_PROBLEM STATEMENT_: Reproduce the whole listing that follows, character for character, and drop the images.

_RECORDS FOR THIS TASK_:
..............................

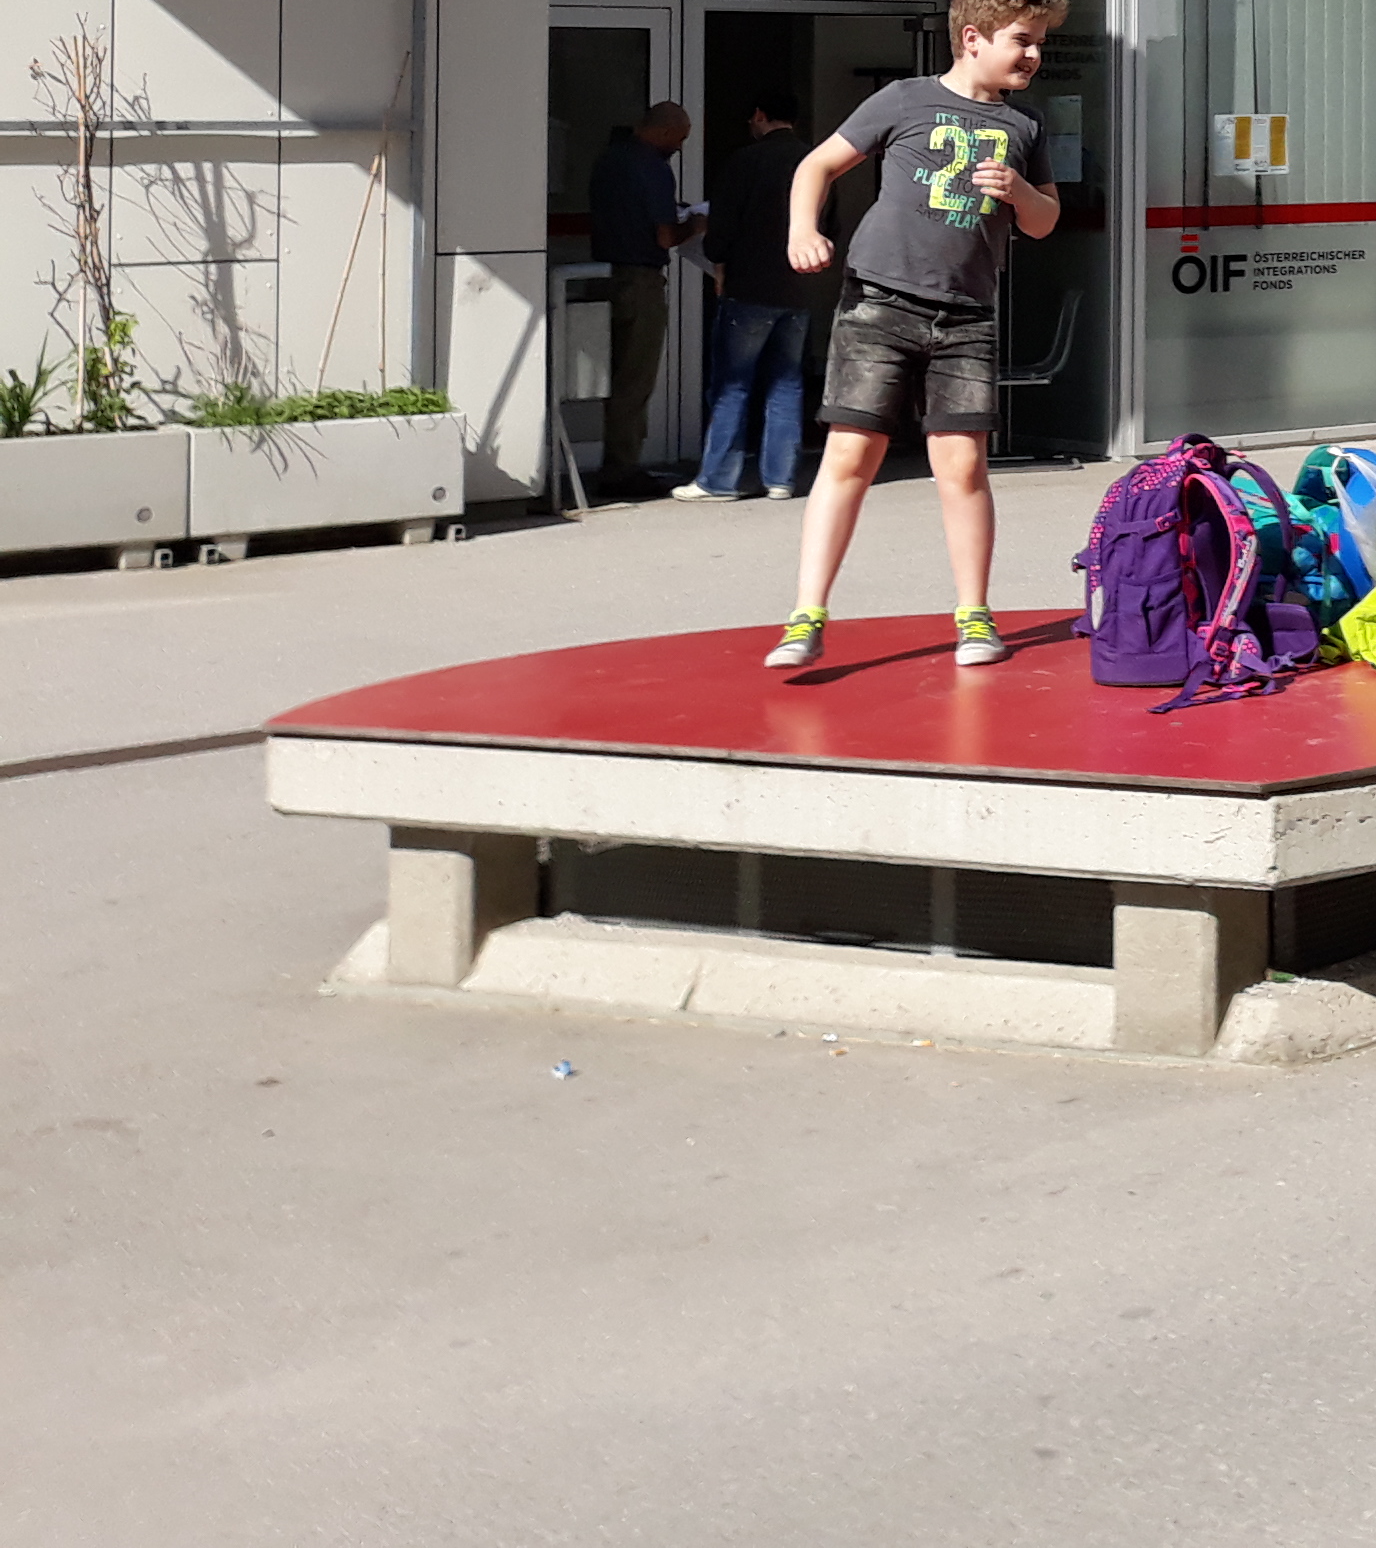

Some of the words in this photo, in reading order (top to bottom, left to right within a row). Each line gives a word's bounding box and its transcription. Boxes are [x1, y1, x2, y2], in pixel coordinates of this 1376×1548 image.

[935, 113, 959, 126] IT'S
[944, 127, 981, 147] RIGHT
[913, 167, 955, 190] PLACE
[940, 192, 976, 211] SURF
[945, 211, 980, 229] PLAY
[1253, 250, 1366, 264] ÖSTERREICHISCHER
[1253, 265, 1338, 277] INTEGRATIONS
[1253, 280, 1293, 291] FONDS
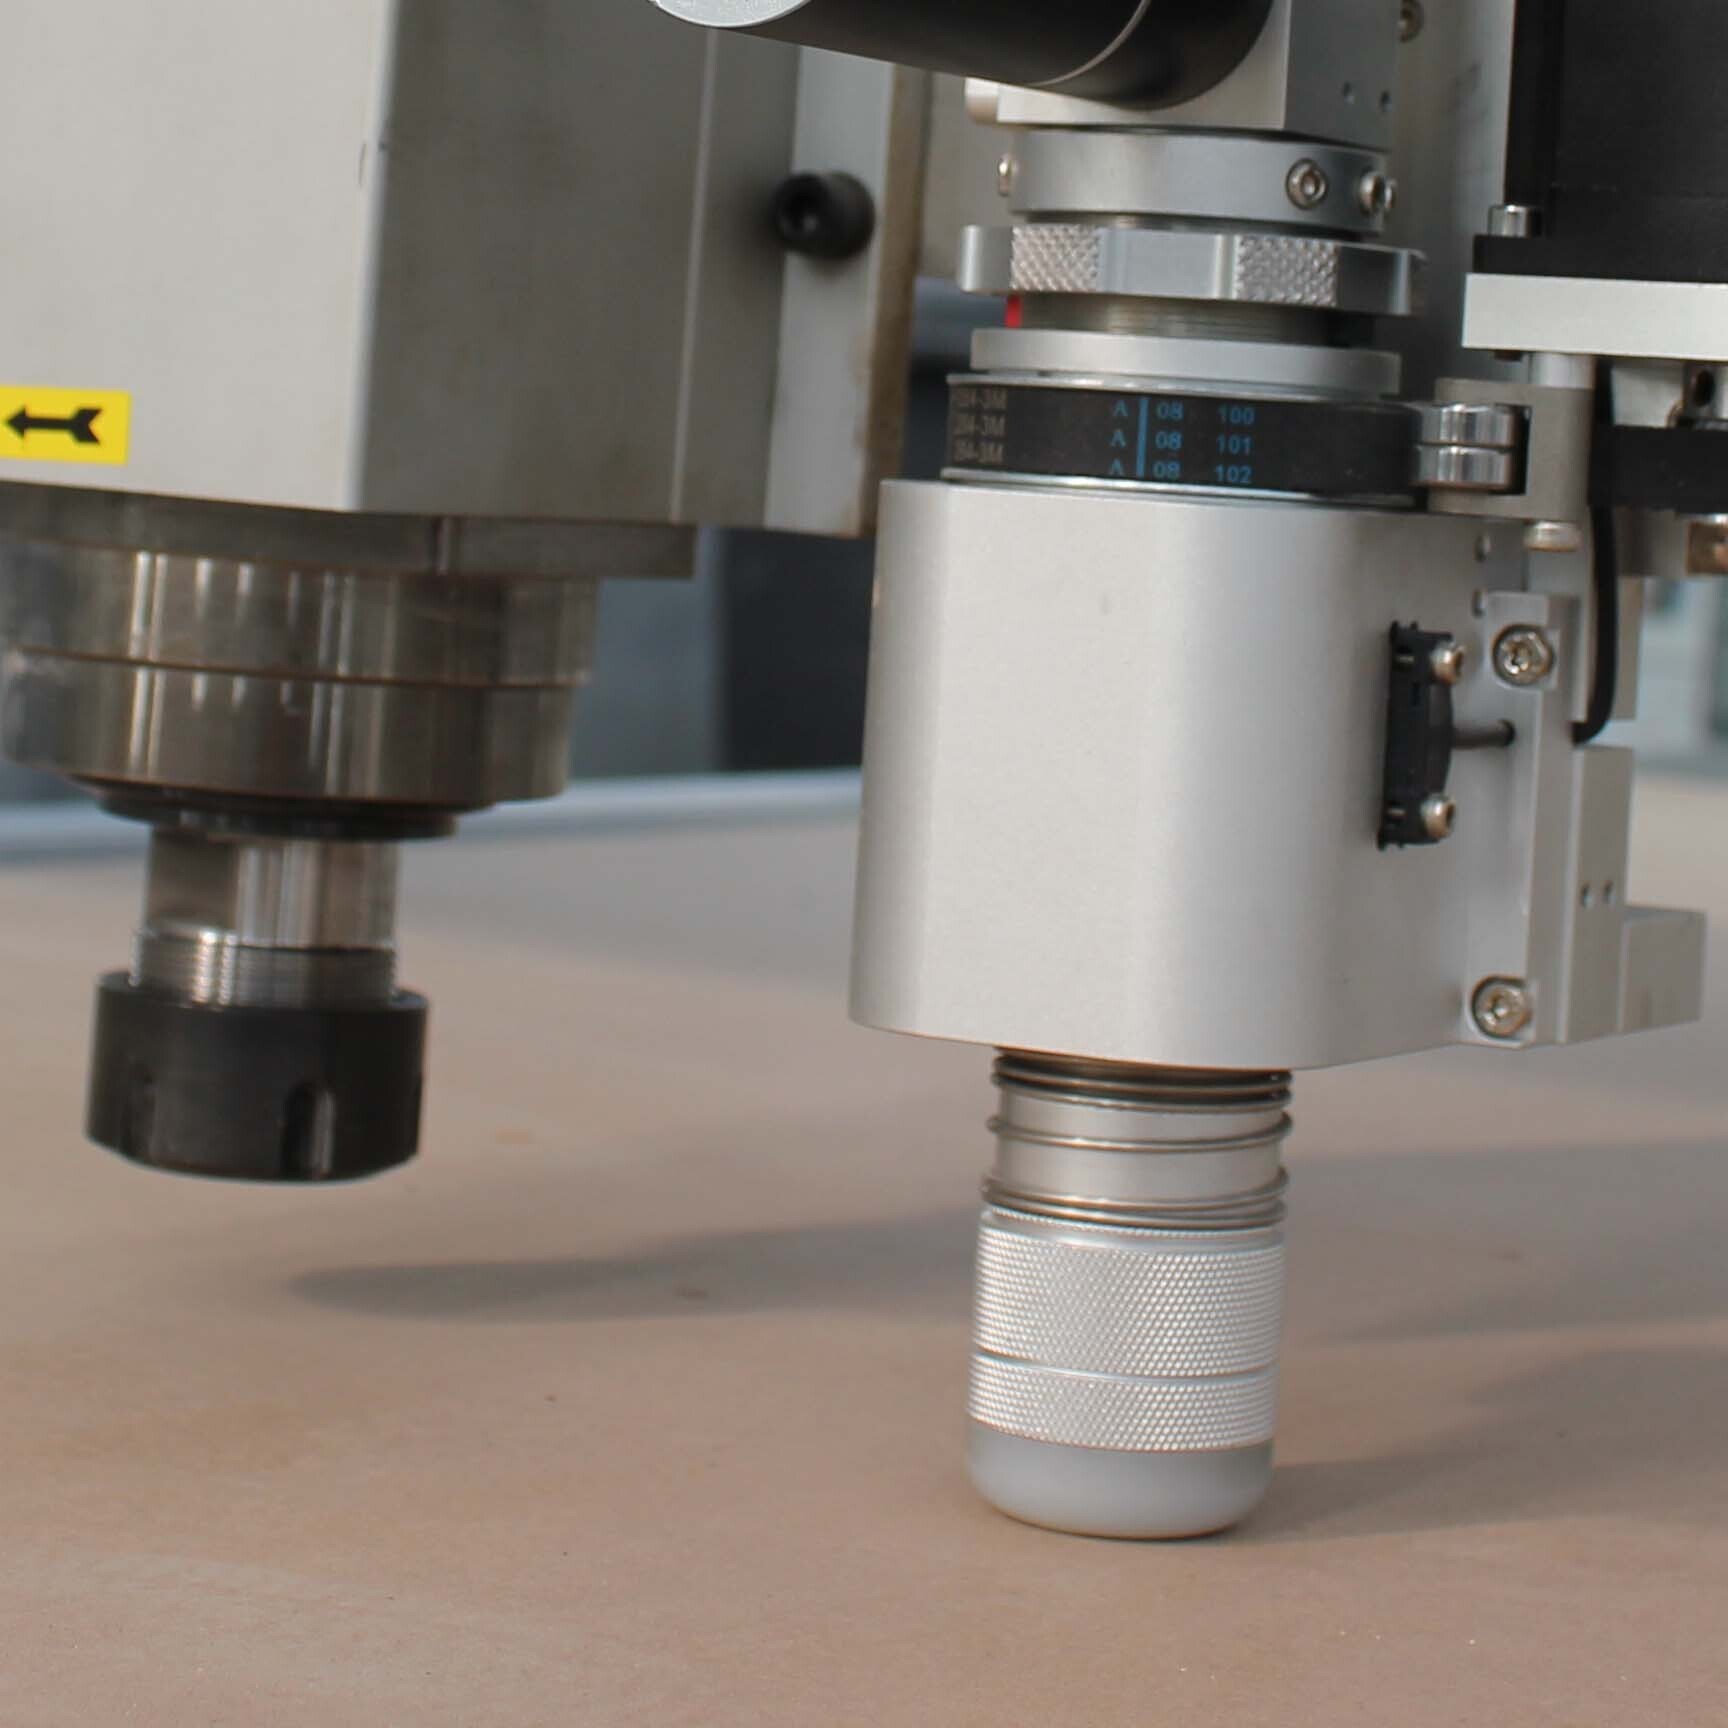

..............................

_ANSWER SECTION_:
Some of the words in this photo, in reading order (top to bottom, left to right within a row). Each line gives a word's bounding box and its transcription. Boxes are [x1, y1, x2, y2], in pixel coordinates of this 1376×1548 image.

[935, 113, 959, 126] IT'S
[944, 127, 981, 147] RIGHT
[913, 167, 955, 190] PLACE
[940, 192, 976, 211] SURF
[945, 211, 980, 229] PLAY
[1253, 250, 1366, 264] ÖSTERREICHISCHER
[1253, 265, 1338, 277] INTEGRATIONS
[1253, 280, 1293, 291] FONDS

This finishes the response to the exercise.